*** Data for this exercise ***

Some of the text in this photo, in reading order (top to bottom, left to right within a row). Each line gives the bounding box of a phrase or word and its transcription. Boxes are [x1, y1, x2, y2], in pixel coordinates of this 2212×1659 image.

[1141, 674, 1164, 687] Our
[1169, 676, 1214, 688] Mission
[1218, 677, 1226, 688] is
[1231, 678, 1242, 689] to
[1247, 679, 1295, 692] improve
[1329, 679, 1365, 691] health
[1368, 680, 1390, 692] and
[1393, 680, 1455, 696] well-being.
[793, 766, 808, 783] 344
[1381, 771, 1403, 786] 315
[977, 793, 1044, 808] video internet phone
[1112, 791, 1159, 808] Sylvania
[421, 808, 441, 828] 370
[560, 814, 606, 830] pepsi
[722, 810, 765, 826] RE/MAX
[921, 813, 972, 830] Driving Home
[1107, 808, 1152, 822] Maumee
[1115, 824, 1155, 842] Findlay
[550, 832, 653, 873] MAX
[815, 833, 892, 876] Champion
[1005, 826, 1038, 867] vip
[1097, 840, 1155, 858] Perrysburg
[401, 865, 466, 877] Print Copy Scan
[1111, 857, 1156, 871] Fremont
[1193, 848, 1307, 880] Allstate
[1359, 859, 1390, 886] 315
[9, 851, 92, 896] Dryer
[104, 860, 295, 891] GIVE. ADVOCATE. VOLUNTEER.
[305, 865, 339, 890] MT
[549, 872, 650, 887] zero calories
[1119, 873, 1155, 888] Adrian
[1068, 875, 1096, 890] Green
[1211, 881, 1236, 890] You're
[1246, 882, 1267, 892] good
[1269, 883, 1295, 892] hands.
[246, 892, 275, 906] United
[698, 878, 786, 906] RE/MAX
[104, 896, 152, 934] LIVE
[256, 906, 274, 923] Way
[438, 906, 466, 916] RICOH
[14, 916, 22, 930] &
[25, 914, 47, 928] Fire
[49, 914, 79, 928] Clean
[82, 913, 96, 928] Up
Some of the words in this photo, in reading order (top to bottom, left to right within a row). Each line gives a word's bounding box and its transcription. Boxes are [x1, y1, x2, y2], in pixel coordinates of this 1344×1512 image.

*** End of Data for this exercise ***

*Task directions*
Set down every line of the listing above again, exactly as given.

*Result below*
Some of the text in this photo, in reading order (top to bottom, left to right within a row). Each line gives the bounding box of a phrase or word and its transcription. Boxes are [x1, y1, x2, y2], in pixel coordinates of this 2212×1659 image.

[1141, 674, 1164, 687] Our
[1169, 676, 1214, 688] Mission
[1218, 677, 1226, 688] is
[1231, 678, 1242, 689] to
[1247, 679, 1295, 692] improve
[1329, 679, 1365, 691] health
[1368, 680, 1390, 692] and
[1393, 680, 1455, 696] well-being.
[793, 766, 808, 783] 344
[1381, 771, 1403, 786] 315
[977, 793, 1044, 808] video internet phone
[1112, 791, 1159, 808] Sylvania
[421, 808, 441, 828] 370
[560, 814, 606, 830] pepsi
[722, 810, 765, 826] RE/MAX
[921, 813, 972, 830] Driving Home
[1107, 808, 1152, 822] Maumee
[1115, 824, 1155, 842] Findlay
[550, 832, 653, 873] MAX
[815, 833, 892, 876] Champion
[1005, 826, 1038, 867] vip
[1097, 840, 1155, 858] Perrysburg
[401, 865, 466, 877] Print Copy Scan
[1111, 857, 1156, 871] Fremont
[1193, 848, 1307, 880] Allstate
[1359, 859, 1390, 886] 315
[9, 851, 92, 896] Dryer
[104, 860, 295, 891] GIVE. ADVOCATE. VOLUNTEER.
[305, 865, 339, 890] MT
[549, 872, 650, 887] zero calories
[1119, 873, 1155, 888] Adrian
[1068, 875, 1096, 890] Green
[1211, 881, 1236, 890] You're
[1246, 882, 1267, 892] good
[1269, 883, 1295, 892] hands.
[246, 892, 275, 906] United
[698, 878, 786, 906] RE/MAX
[104, 896, 152, 934] LIVE
[256, 906, 274, 923] Way
[438, 906, 466, 916] RICOH
[14, 916, 22, 930] &
[25, 914, 47, 928] Fire
[49, 914, 79, 928] Clean
[82, 913, 96, 928] Up
Some of the words in this photo, in reading order (top to bottom, left to right within a row). Each line gives a word's bounding box and its transcription. Boxes are [x1, y1, x2, y2], in pixel coordinates of this 1344×1512 image.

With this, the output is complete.